● WORK INSTRUCTIONS
Produce an exact copy of the lines from the line that contains "this 1920×1280 image." to the end of the listing below.

● AVAILABLE RECORDS

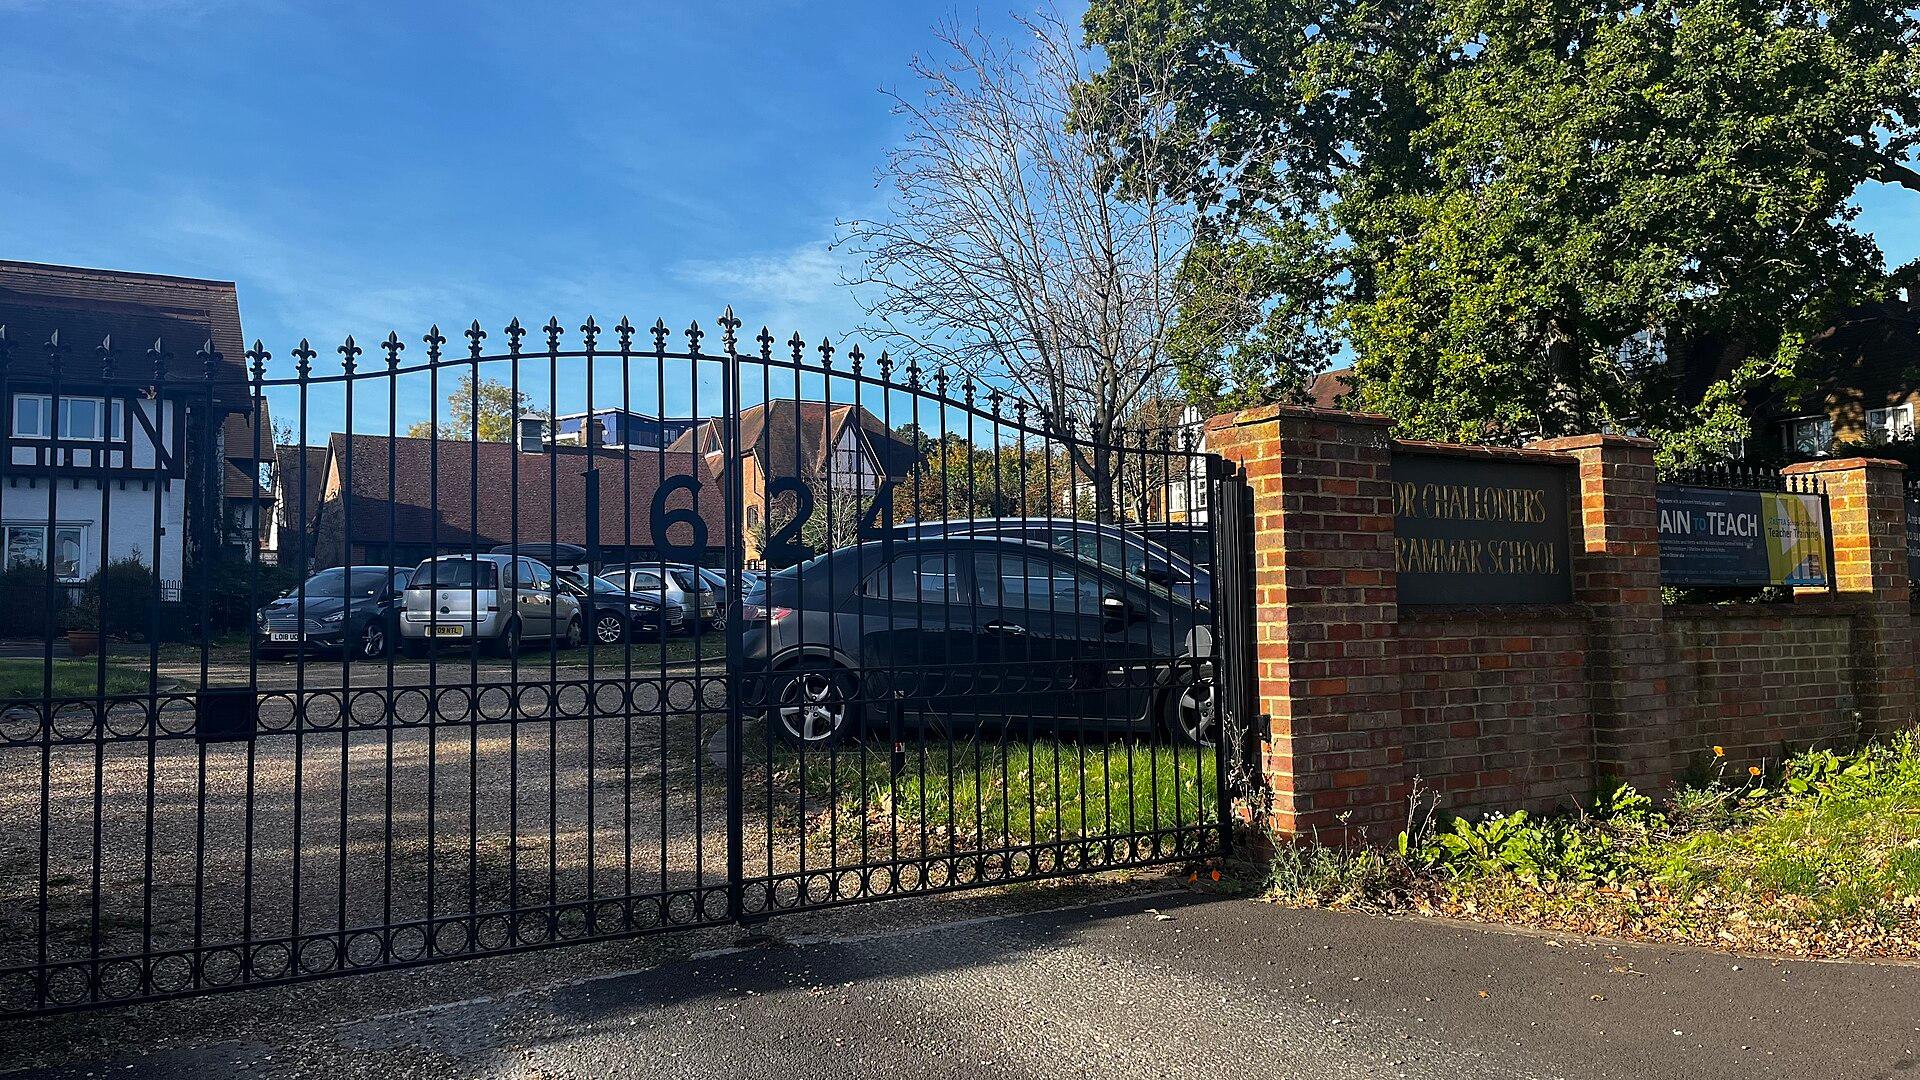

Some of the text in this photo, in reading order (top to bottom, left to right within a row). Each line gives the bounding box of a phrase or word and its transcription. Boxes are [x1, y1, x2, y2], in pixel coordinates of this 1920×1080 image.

[1391, 481, 1546, 523] DR CHALLONERS
[1657, 509, 1758, 537] AIN TO TEACH
[1768, 528, 1819, 541] Teacher Training
[1394, 537, 1560, 575] RAMMAR SCHOOL
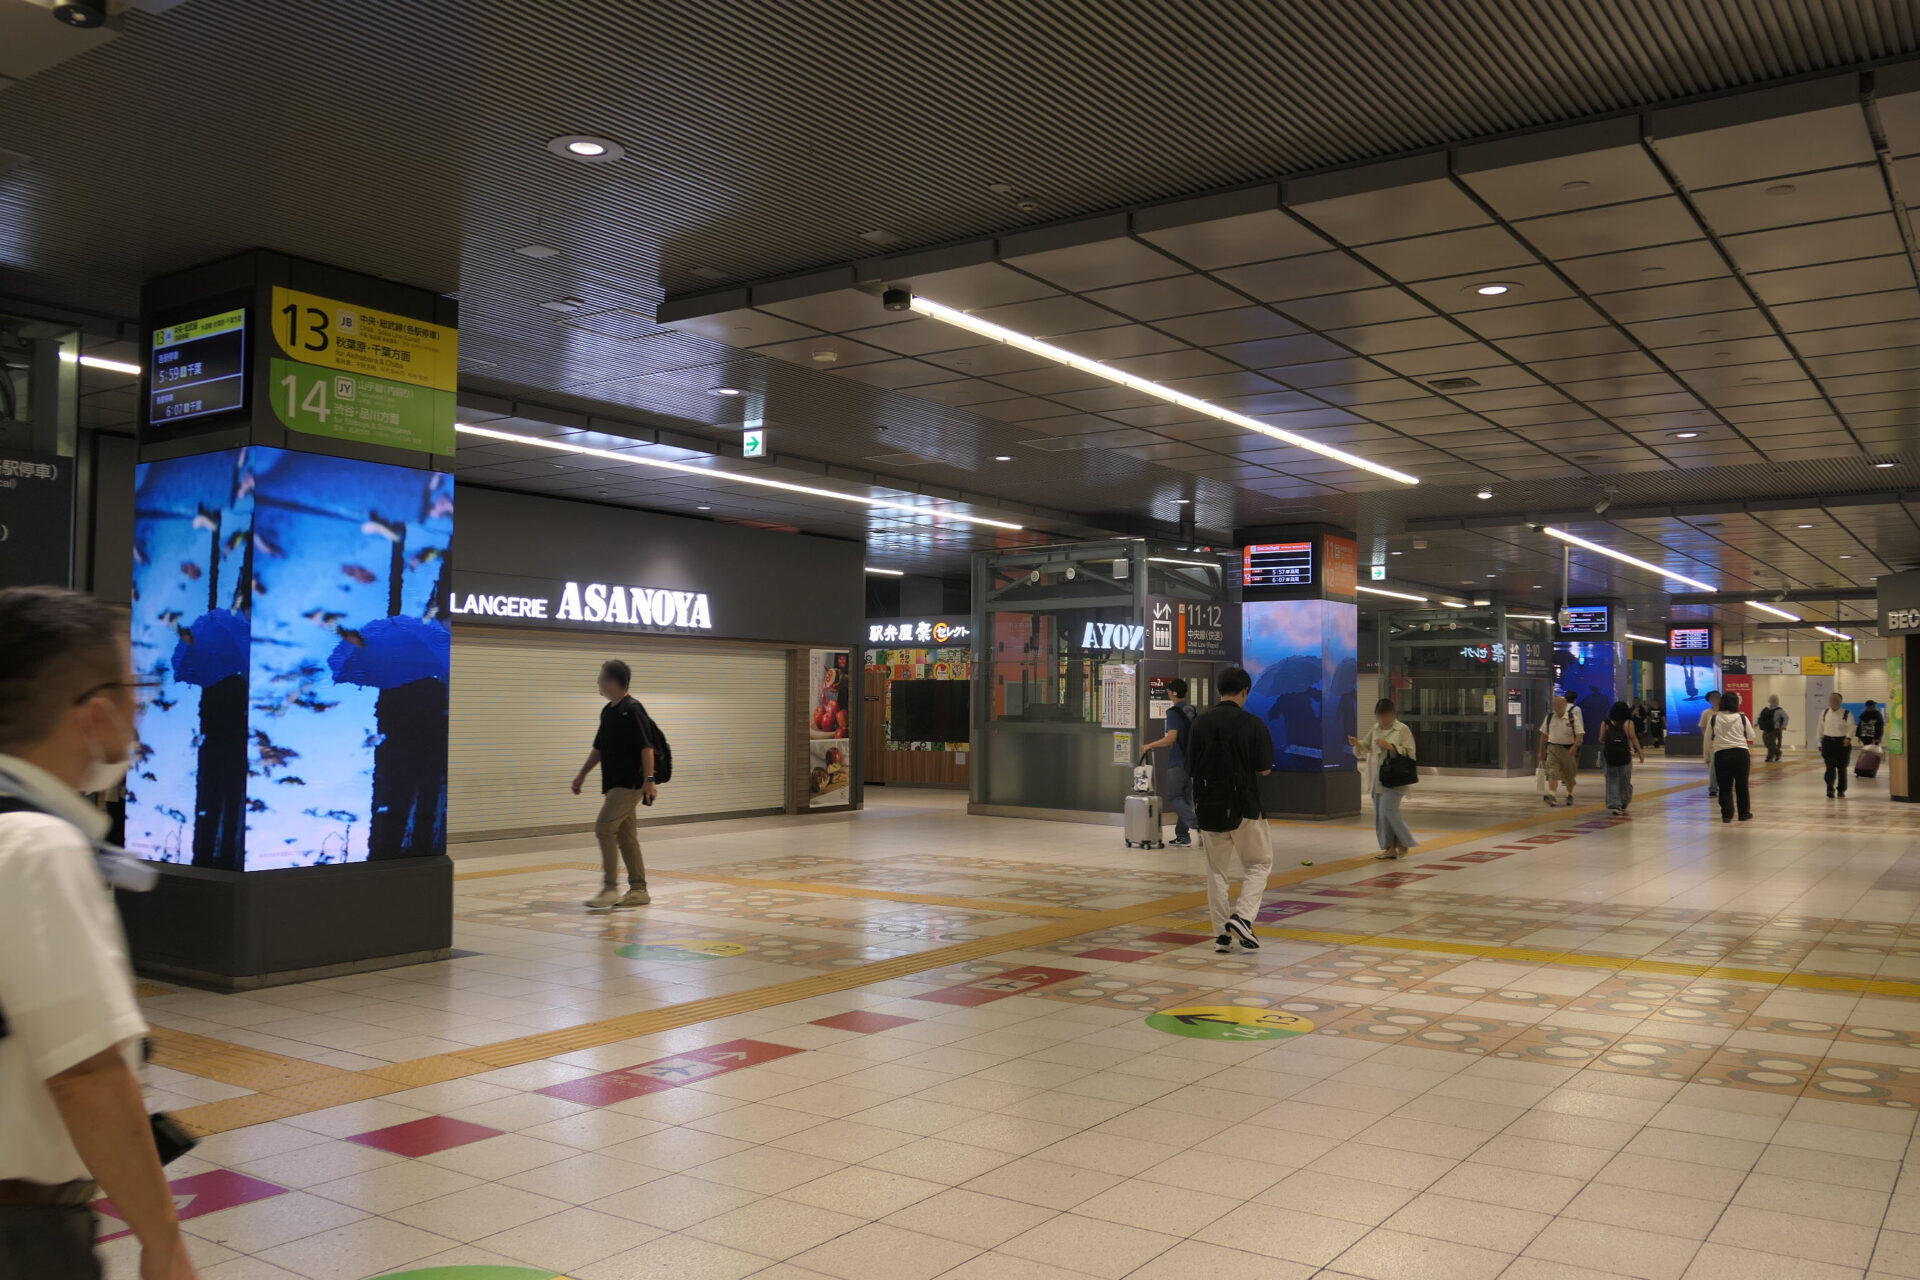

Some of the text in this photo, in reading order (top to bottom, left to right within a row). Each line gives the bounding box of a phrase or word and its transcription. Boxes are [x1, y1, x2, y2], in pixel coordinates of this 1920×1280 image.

[282, 304, 329, 351] 13
[340, 316, 352, 327] JB
[159, 367, 179, 383] 5:59
[339, 383, 351, 393] JY
[281, 374, 331, 423] 14
[0, 459, 58, 481] 駅停車)
[555, 582, 712, 629] ASANOYA
[1256, 1014, 1300, 1025] 13
[1222, 1027, 1272, 1039] 14

● EXERCISE SOLUTION
Some of the text in this photo, in reading order (top to bottom, left to right within a row). Each line gives the bounding box of a phrase or word and its transcription. Boxes are [x1, y1, x2, y2], in pixel coordinates of this 1920×1280 image.

[282, 304, 329, 351] 13
[340, 316, 352, 327] JB
[159, 367, 179, 383] 5:59
[339, 383, 351, 393] JY
[281, 374, 331, 423] 14
[0, 459, 58, 481] 駅停車)
[555, 582, 712, 629] ASANOYA
[1256, 1014, 1300, 1025] 13
[1222, 1027, 1272, 1039] 14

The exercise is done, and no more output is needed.